**What the exercise asks:**
Could you repeat the records below exactly as written?

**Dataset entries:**
---+---
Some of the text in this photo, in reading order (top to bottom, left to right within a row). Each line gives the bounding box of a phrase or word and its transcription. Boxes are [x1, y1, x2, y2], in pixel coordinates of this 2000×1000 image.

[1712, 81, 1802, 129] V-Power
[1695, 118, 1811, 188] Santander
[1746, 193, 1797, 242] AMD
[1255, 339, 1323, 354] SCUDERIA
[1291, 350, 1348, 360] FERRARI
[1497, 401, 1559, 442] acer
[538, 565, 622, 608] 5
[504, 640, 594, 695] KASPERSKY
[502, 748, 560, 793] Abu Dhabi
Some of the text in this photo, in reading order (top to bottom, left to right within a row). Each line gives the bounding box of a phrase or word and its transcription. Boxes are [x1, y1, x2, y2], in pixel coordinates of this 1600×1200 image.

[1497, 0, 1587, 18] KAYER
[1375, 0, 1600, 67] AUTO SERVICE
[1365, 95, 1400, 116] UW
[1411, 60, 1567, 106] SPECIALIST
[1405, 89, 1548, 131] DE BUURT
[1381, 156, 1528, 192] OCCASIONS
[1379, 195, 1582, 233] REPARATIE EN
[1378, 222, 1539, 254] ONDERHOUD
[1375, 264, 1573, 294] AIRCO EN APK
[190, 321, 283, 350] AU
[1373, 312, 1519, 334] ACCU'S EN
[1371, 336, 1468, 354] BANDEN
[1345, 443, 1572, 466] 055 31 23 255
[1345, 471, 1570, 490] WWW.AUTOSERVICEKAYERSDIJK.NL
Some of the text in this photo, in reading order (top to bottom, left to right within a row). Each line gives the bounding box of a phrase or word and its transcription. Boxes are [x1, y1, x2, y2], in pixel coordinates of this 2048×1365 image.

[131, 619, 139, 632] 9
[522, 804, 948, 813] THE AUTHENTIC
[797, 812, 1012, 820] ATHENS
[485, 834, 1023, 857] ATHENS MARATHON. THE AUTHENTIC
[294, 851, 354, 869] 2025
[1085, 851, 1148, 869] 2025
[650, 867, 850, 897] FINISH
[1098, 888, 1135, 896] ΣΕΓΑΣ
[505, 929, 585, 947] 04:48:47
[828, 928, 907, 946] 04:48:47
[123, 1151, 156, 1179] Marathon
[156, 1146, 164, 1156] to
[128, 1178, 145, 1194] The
---+---
**Response area:**
Some of the text in this photo, in reading order (top to bottom, left to right within a row). Each line gives the bounding box of a phrase or word and its transcription. Boxes are [x1, y1, x2, y2], in pixel coordinates of this 2000×1000 image.

[1712, 81, 1802, 129] V-Power
[1695, 118, 1811, 188] Santander
[1746, 193, 1797, 242] AMD
[1255, 339, 1323, 354] SCUDERIA
[1291, 350, 1348, 360] FERRARI
[1497, 401, 1559, 442] acer
[538, 565, 622, 608] 5
[504, 640, 594, 695] KASPERSKY
[502, 748, 560, 793] Abu Dhabi
Some of the text in this photo, in reading order (top to bottom, left to right within a row). Each line gives the bounding box of a phrase or word and its transcription. Boxes are [x1, y1, x2, y2], in pixel coordinates of this 1600×1200 image.

[1497, 0, 1587, 18] KAYER
[1375, 0, 1600, 67] AUTO SERVICE
[1365, 95, 1400, 116] UW
[1411, 60, 1567, 106] SPECIALIST
[1405, 89, 1548, 131] DE BUURT
[1381, 156, 1528, 192] OCCASIONS
[1379, 195, 1582, 233] REPARATIE EN
[1378, 222, 1539, 254] ONDERHOUD
[1375, 264, 1573, 294] AIRCO EN APK
[190, 321, 283, 350] AU
[1373, 312, 1519, 334] ACCU'S EN
[1371, 336, 1468, 354] BANDEN
[1345, 443, 1572, 466] 055 31 23 255
[1345, 471, 1570, 490] WWW.AUTOSERVICEKAYERSDIJK.NL
Some of the text in this photo, in reading order (top to bottom, left to right within a row). Each line gives the bounding box of a phrase or word and its transcription. Boxes are [x1, y1, x2, y2], in pixel coordinates of this 2048×1365 image.

[131, 619, 139, 632] 9
[522, 804, 948, 813] THE AUTHENTIC
[797, 812, 1012, 820] ATHENS
[485, 834, 1023, 857] ATHENS MARATHON. THE AUTHENTIC
[294, 851, 354, 869] 2025
[1085, 851, 1148, 869] 2025
[650, 867, 850, 897] FINISH
[1098, 888, 1135, 896] ΣΕΓΑΣ
[505, 929, 585, 947] 04:48:47
[828, 928, 907, 946] 04:48:47
[123, 1151, 156, 1179] Marathon
[156, 1146, 164, 1156] to
[128, 1178, 145, 1194] The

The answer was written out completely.